In the records below, the lines between the one holding "this 1344×1325 image." and the one holding "Some of the text", inclusive, are to be transcribed exactly; no pictures are to be included.

### RECORDS SUPPLIED ###

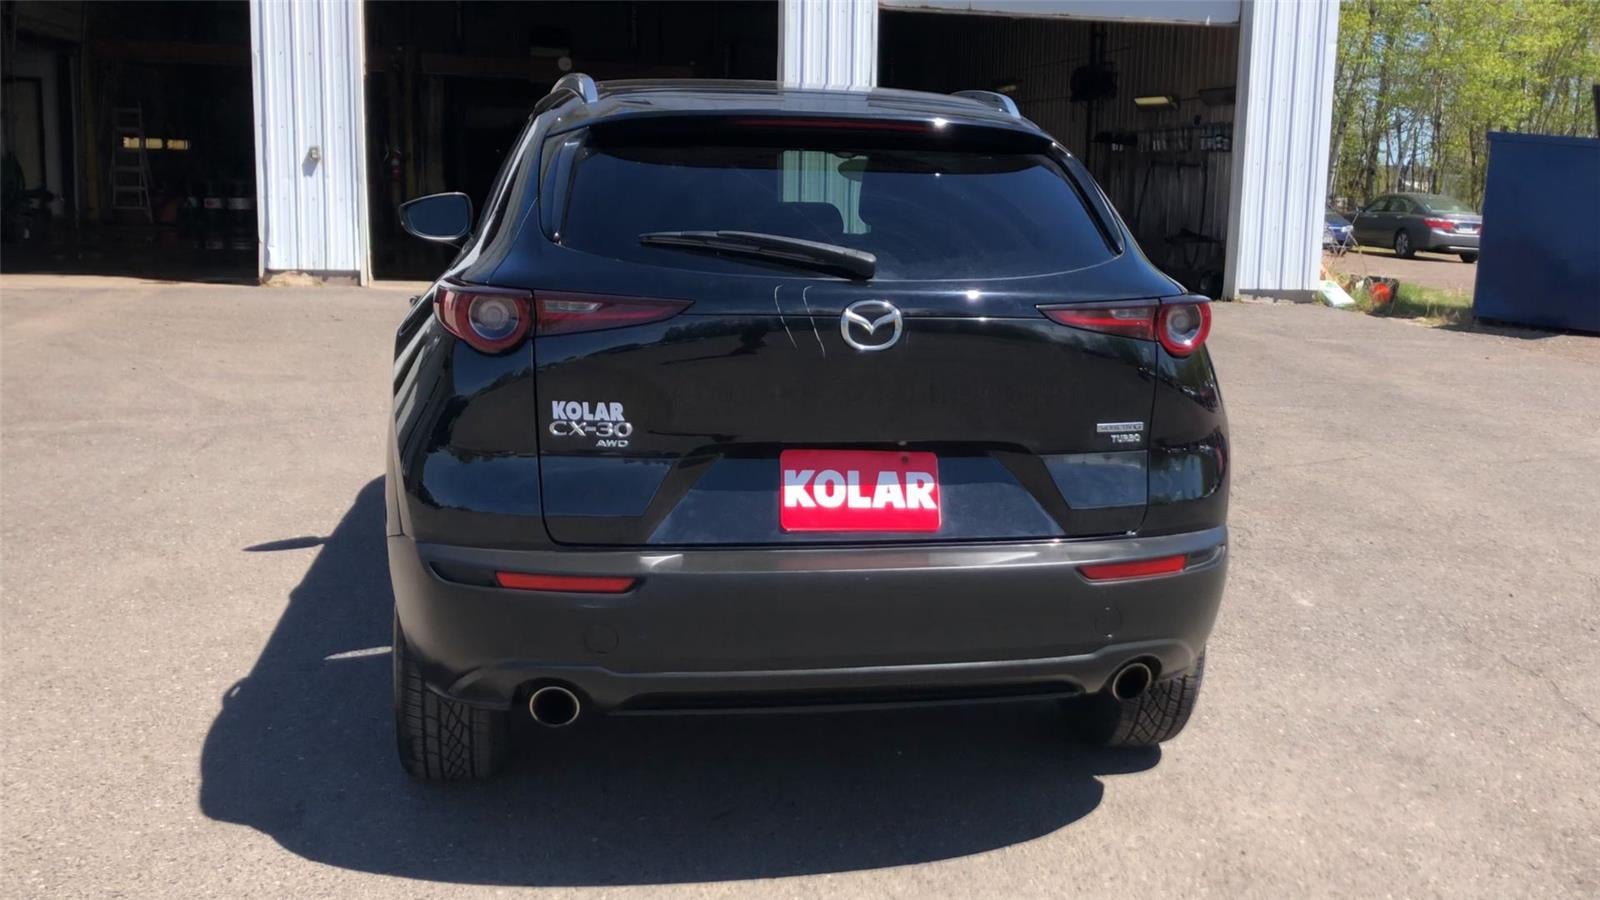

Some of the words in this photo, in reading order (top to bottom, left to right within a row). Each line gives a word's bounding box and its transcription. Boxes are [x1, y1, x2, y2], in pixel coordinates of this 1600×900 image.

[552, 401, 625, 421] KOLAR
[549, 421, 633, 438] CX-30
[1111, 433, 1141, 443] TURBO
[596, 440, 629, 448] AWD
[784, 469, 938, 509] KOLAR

###
### RECORDS SUPPLIED ###

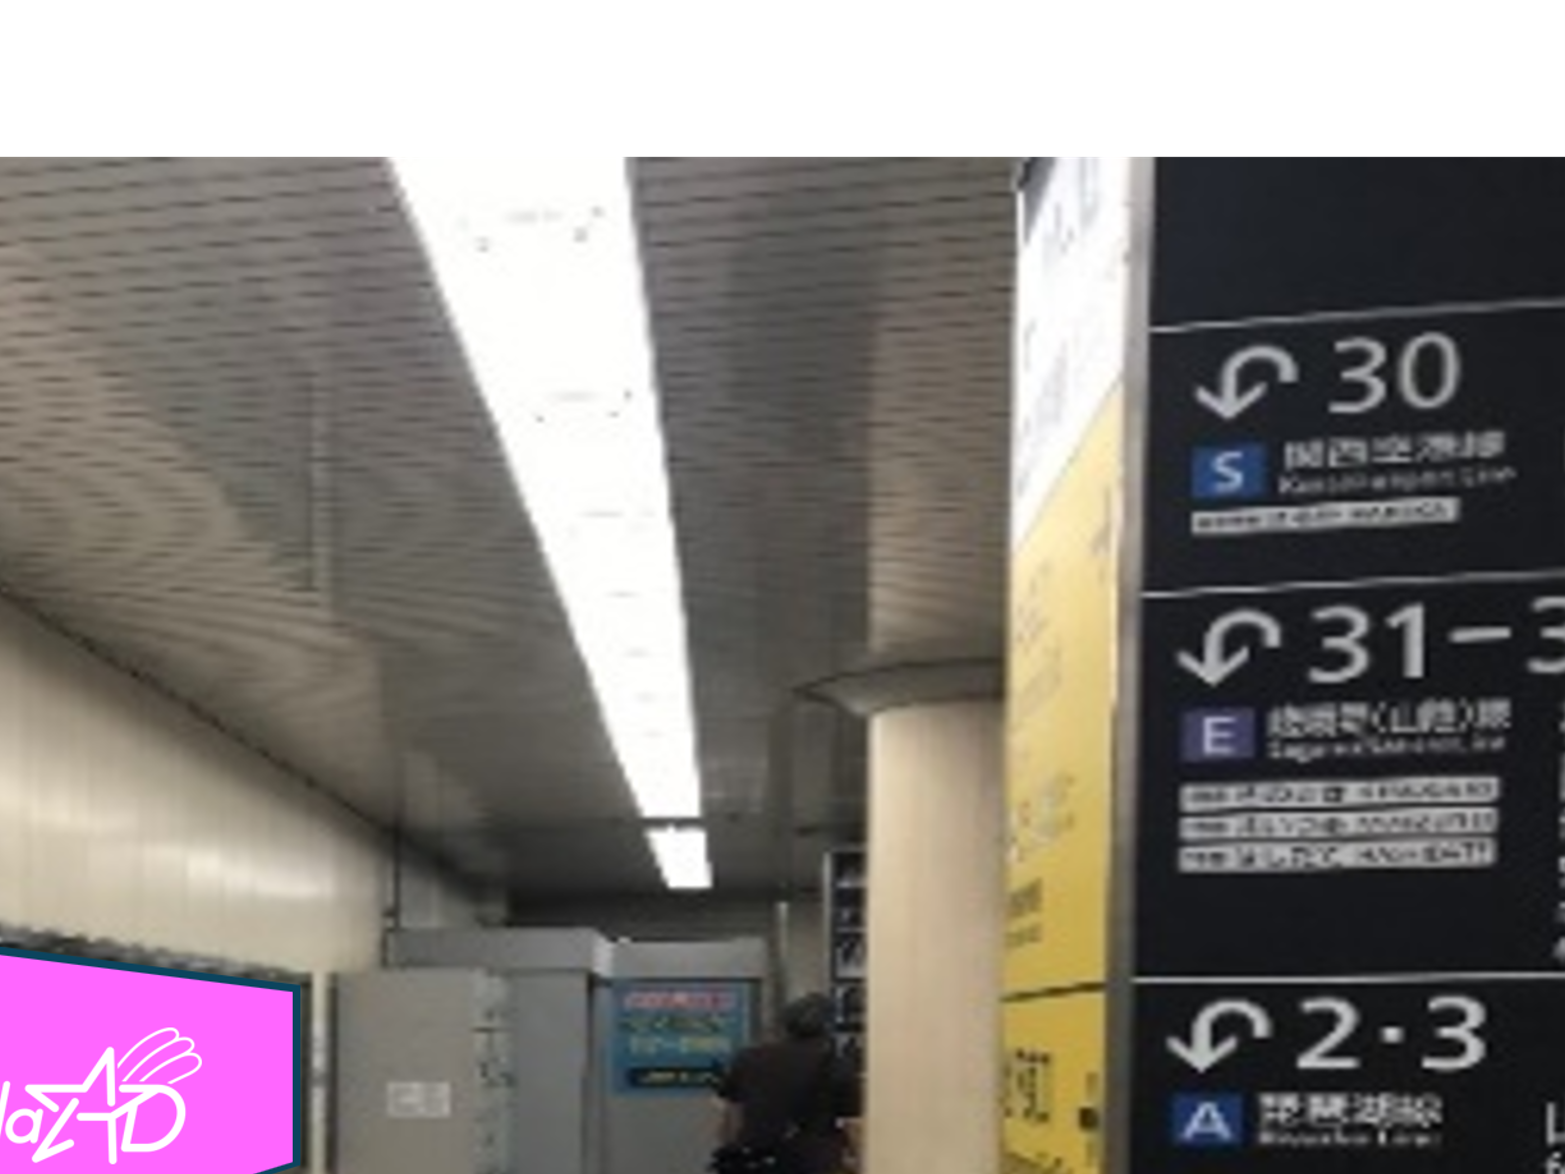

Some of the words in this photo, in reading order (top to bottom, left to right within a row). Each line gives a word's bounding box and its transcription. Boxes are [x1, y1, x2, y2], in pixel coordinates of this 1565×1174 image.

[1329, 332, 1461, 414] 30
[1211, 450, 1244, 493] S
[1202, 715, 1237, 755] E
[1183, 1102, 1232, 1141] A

###
### RECORDS SUPPLIED ###

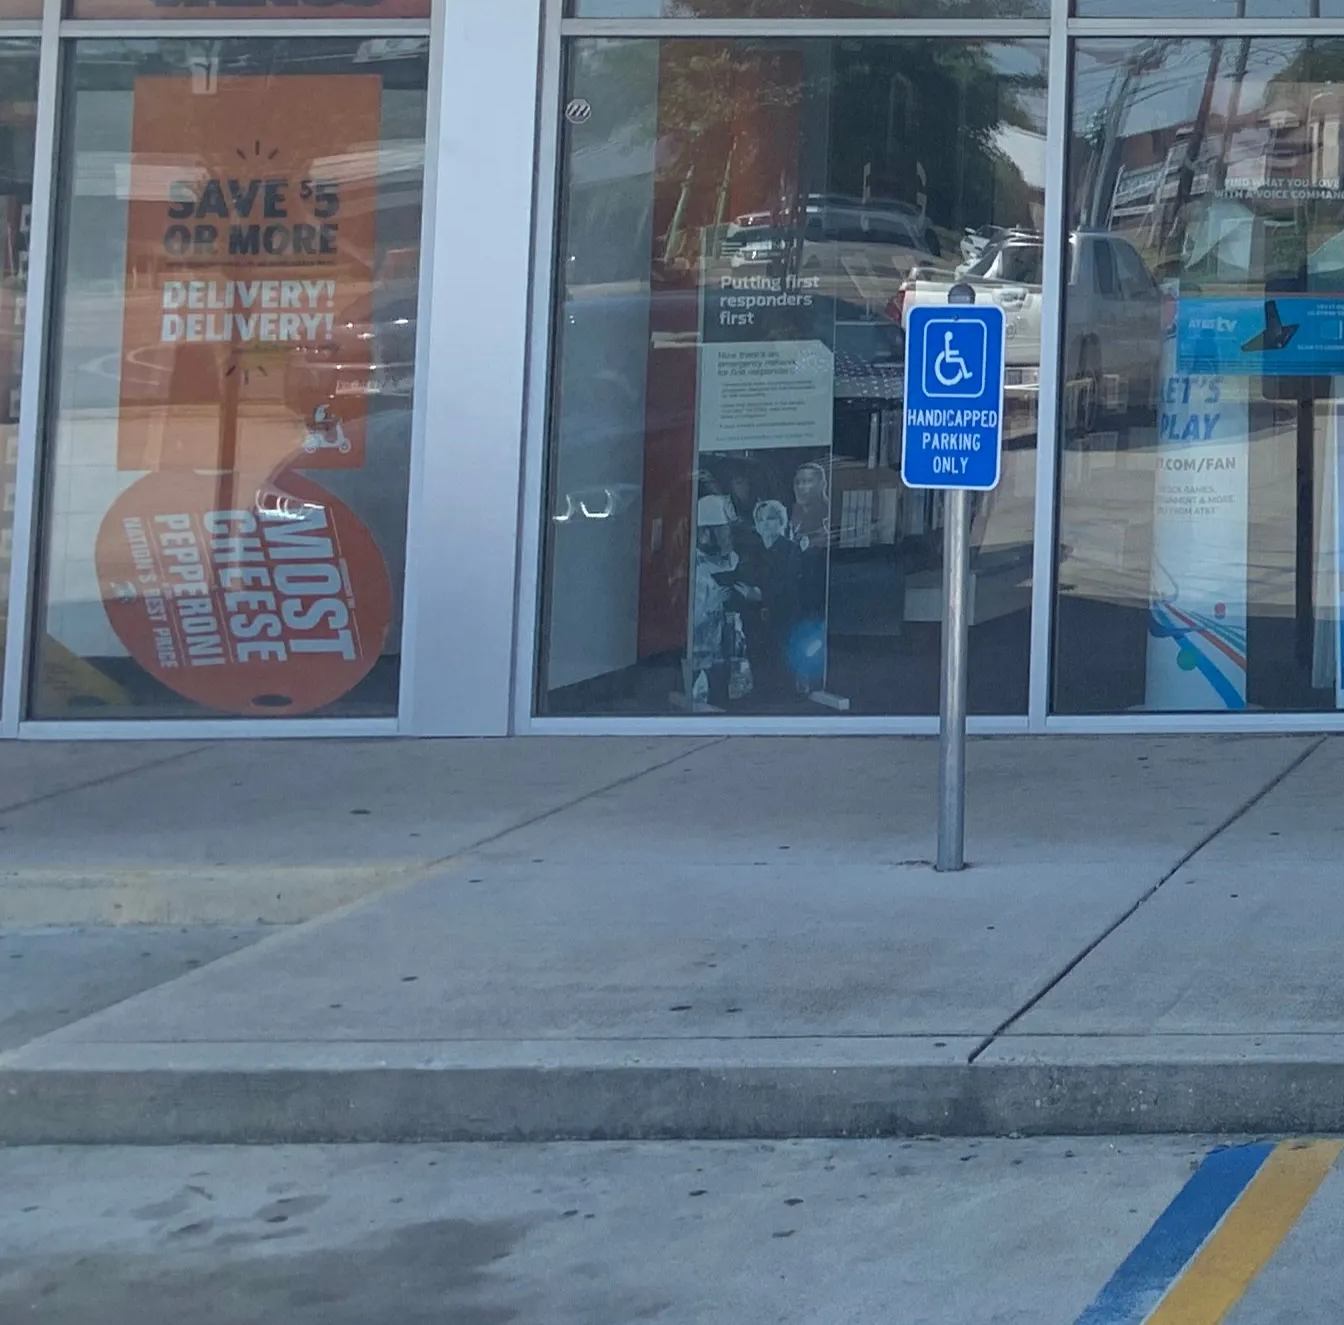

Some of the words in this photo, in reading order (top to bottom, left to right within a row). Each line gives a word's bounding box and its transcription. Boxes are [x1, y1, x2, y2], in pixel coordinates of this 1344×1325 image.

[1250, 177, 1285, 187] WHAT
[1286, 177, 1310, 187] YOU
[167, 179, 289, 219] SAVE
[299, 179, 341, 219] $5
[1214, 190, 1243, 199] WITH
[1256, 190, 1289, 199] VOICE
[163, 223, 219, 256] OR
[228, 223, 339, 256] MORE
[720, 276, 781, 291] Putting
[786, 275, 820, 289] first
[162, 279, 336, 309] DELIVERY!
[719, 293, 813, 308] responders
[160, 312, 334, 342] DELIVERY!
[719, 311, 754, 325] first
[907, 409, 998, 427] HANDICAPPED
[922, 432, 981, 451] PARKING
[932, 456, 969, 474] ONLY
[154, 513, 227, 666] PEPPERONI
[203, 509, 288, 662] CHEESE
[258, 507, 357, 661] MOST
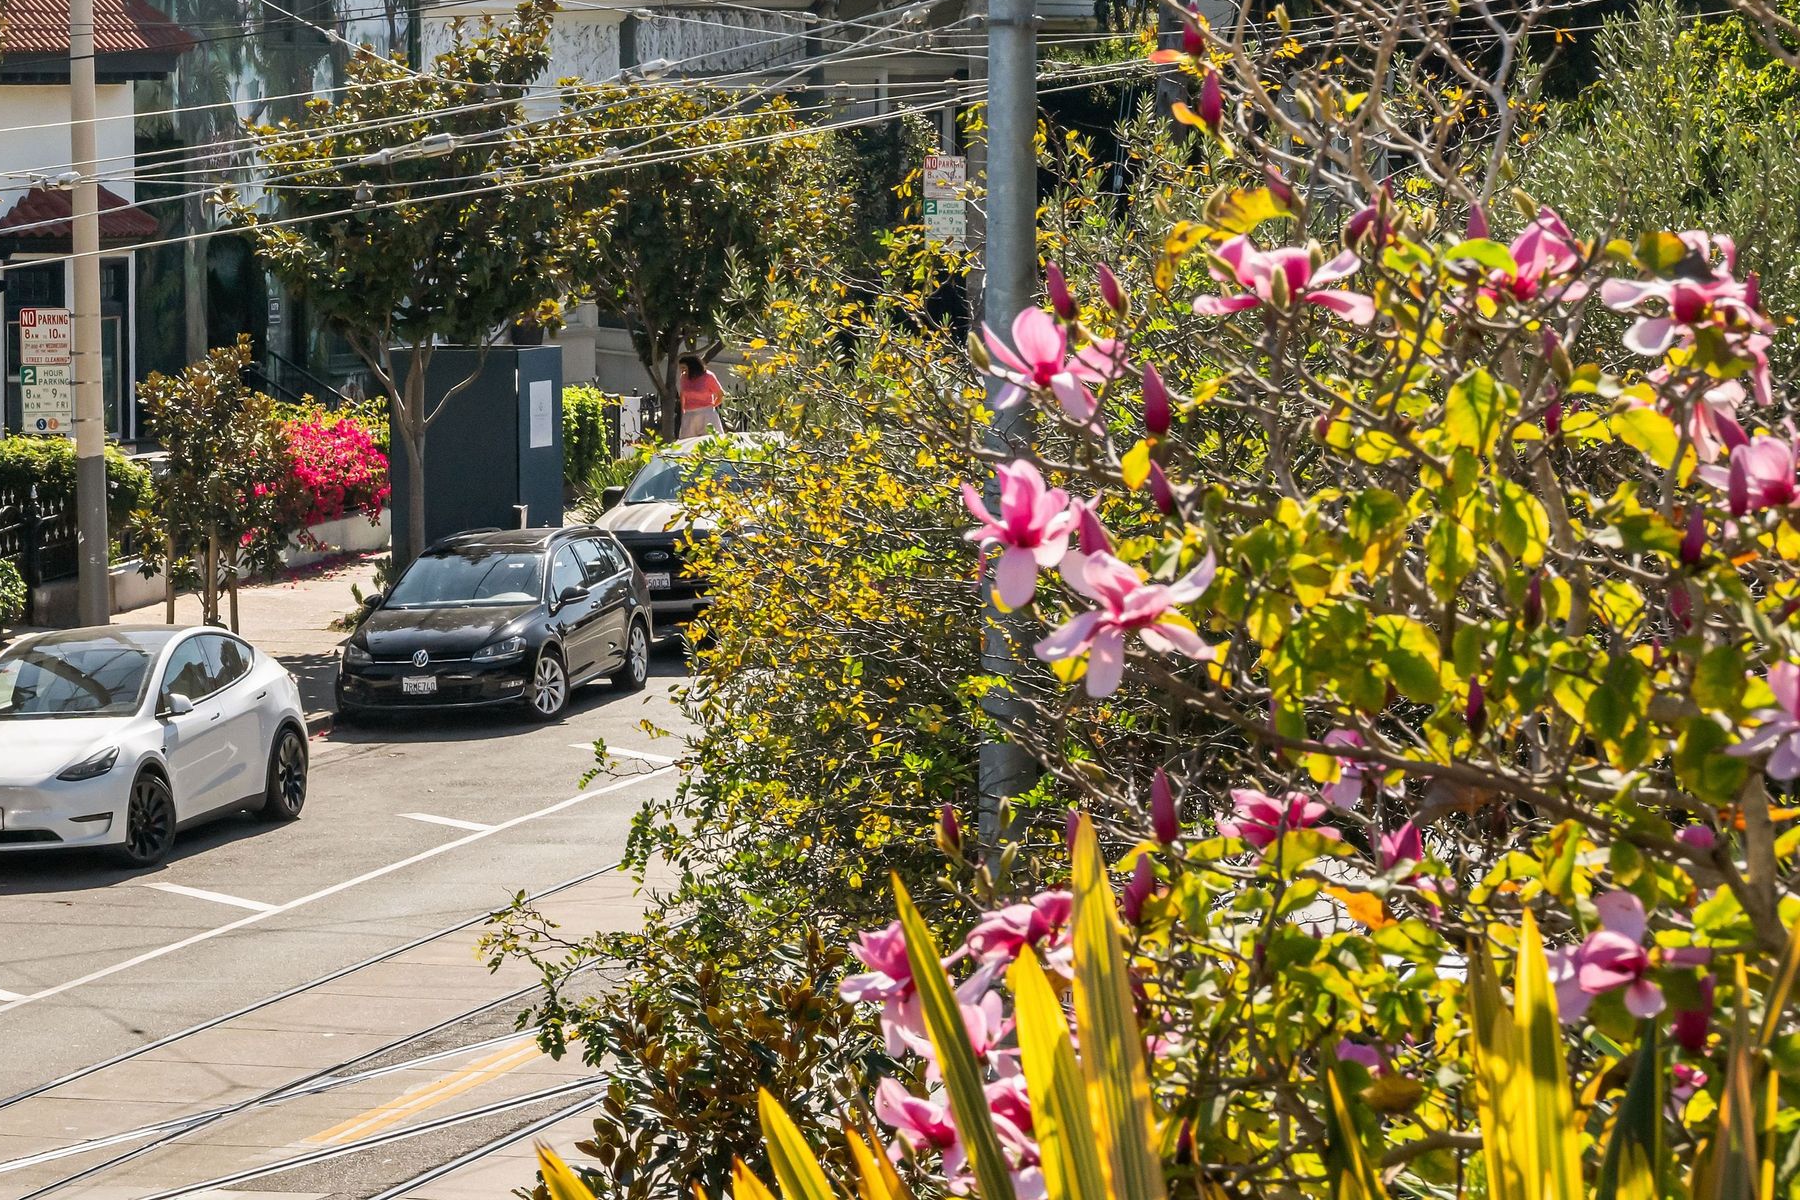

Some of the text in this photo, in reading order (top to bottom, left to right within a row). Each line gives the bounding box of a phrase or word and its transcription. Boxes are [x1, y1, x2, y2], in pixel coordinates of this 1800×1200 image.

###

TASK RESPONSE:
Some of the words in this photo, in reading order (top to bottom, left to right within a row). Each line gives a word's bounding box and its transcription. Boxes are [x1, y1, x2, y2], in pixel coordinates of this 1344×1325 image.

[1250, 177, 1285, 187] WHAT
[1286, 177, 1310, 187] YOU
[167, 179, 289, 219] SAVE
[299, 179, 341, 219] $5
[1214, 190, 1243, 199] WITH
[1256, 190, 1289, 199] VOICE
[163, 223, 219, 256] OR
[228, 223, 339, 256] MORE
[720, 276, 781, 291] Putting
[786, 275, 820, 289] first
[162, 279, 336, 309] DELIVERY!
[719, 293, 813, 308] responders
[160, 312, 334, 342] DELIVERY!
[719, 311, 754, 325] first
[907, 409, 998, 427] HANDICAPPED
[922, 432, 981, 451] PARKING
[932, 456, 969, 474] ONLY
[154, 513, 227, 666] PEPPERONI
[203, 509, 288, 662] CHEESE
[258, 507, 357, 661] MOST

Some of the text in this photo, in reading order (top to bottom, left to right within a row). Each line gives the bounding box of a phrase or word and its transcription. Boxes are [x1, y1, x2, y2], in pixel coordinates of this 1800×1200 image.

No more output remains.